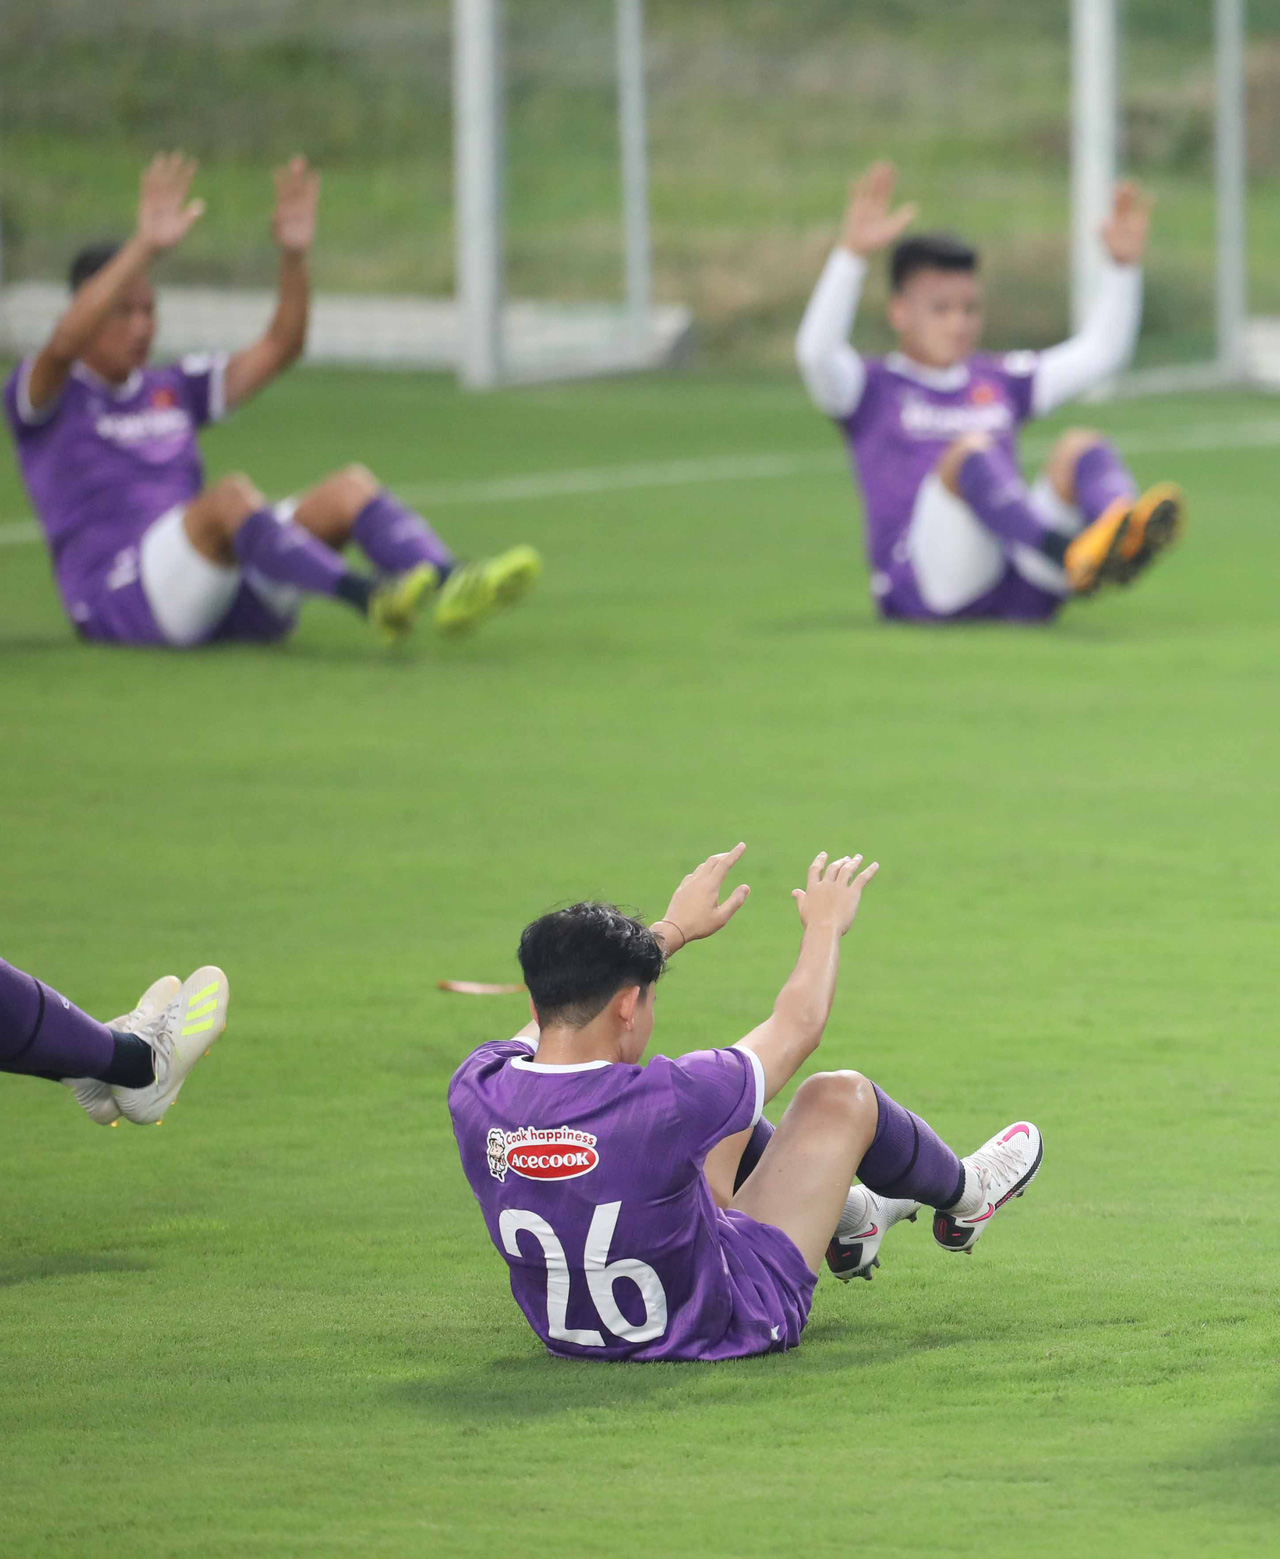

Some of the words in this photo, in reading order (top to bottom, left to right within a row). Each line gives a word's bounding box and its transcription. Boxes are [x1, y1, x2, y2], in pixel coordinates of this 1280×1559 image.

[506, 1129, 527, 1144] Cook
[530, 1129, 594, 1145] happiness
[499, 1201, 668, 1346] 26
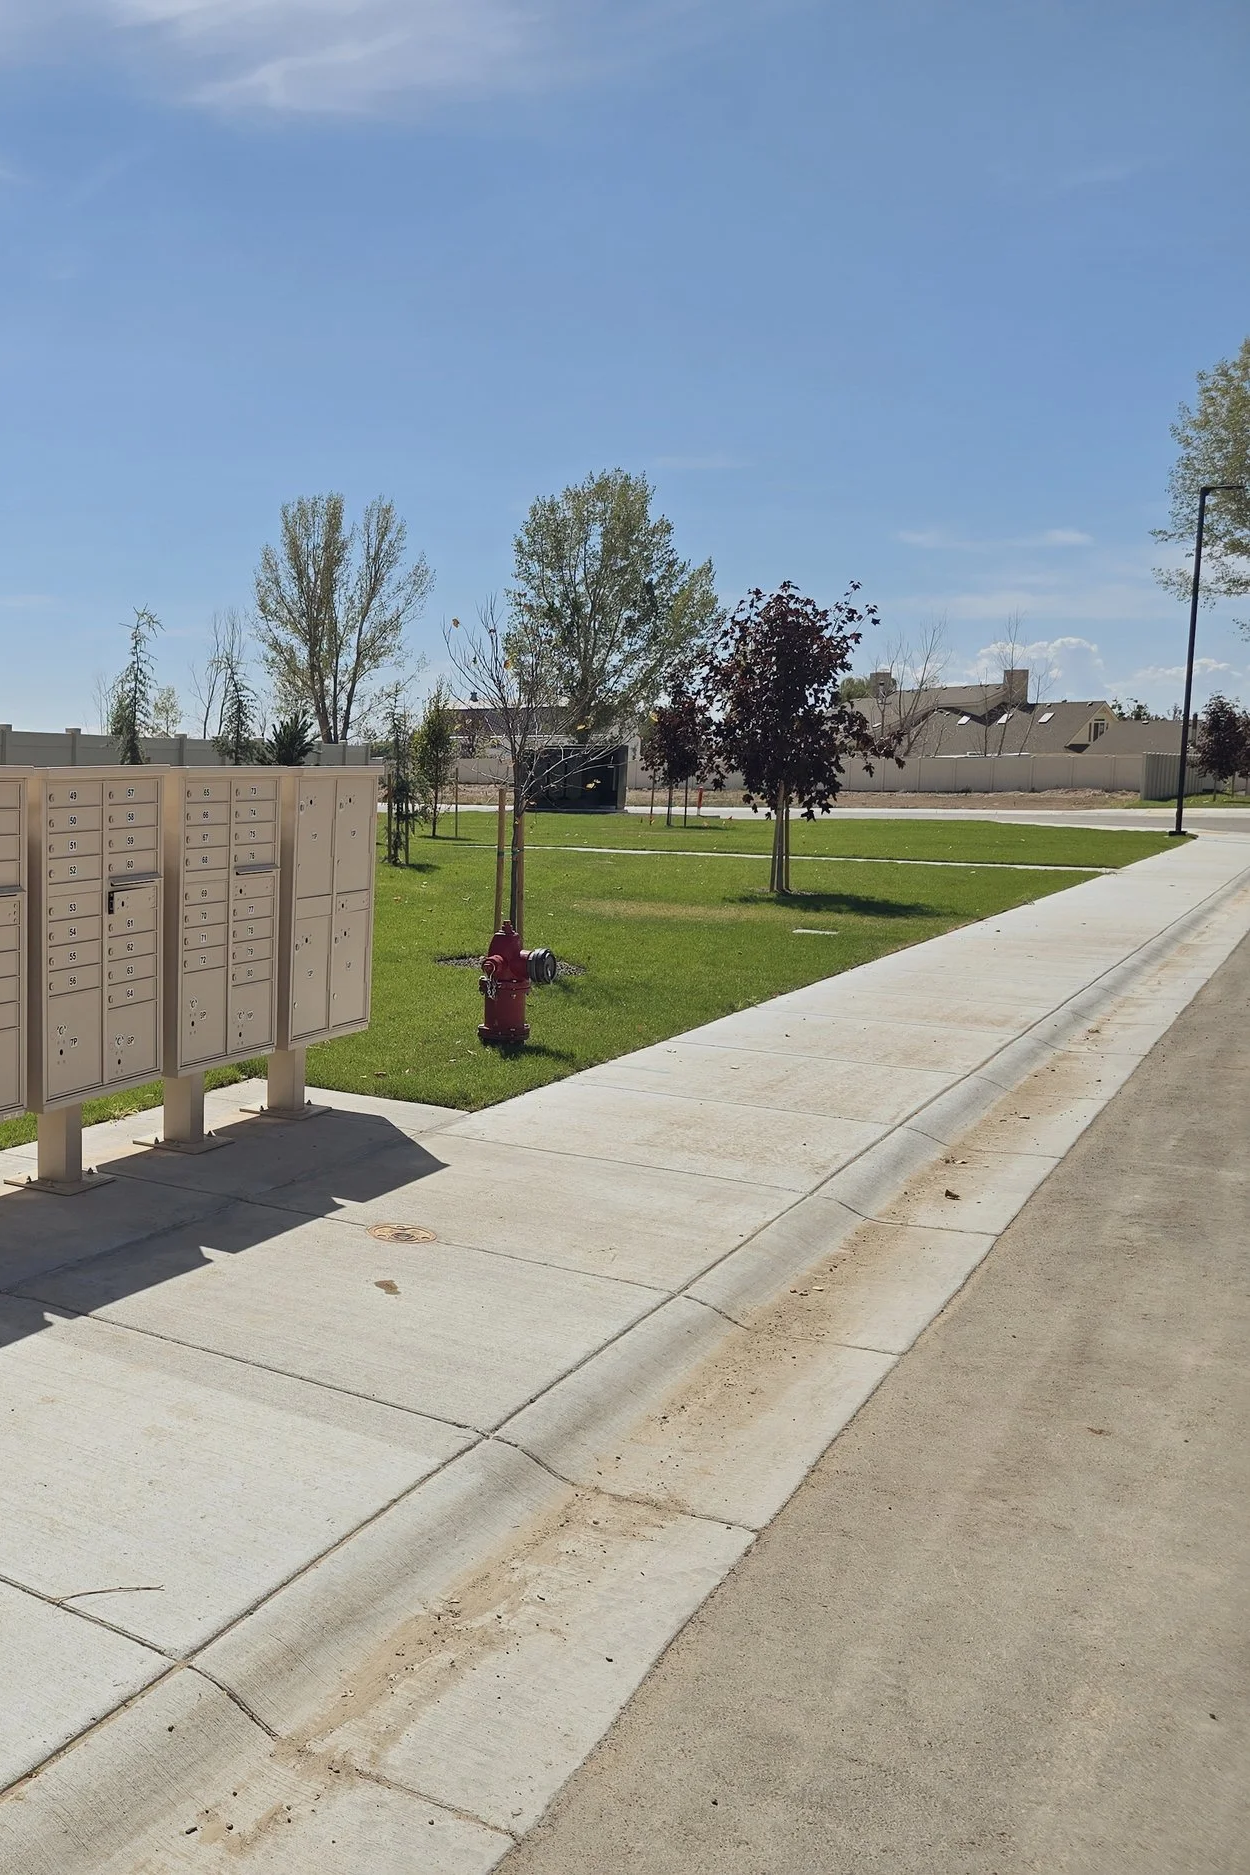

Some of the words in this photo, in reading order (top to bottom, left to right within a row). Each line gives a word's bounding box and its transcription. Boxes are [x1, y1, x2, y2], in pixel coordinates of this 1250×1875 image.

_Work to be completed_
Return every line above exactly, omitting images.

_Answer to the problem_
Some of the words in this photo, in reading order (top to bottom, left to right within a row). Each line gives a word's bounding box and its transcription. Boxes are [x1, y1, x2, y2], in pixel coordinates of this 1280×1559 image.

[506, 1129, 527, 1144] Cook
[530, 1129, 594, 1145] happiness
[499, 1201, 668, 1346] 26

Some of the words in this photo, in reading order (top to bottom, left to right within a row). Each line gives a word's bounding box and its transcription. Boxes are [x1, y1, x2, y2], in pixel coordinates of this 1250×1875 image.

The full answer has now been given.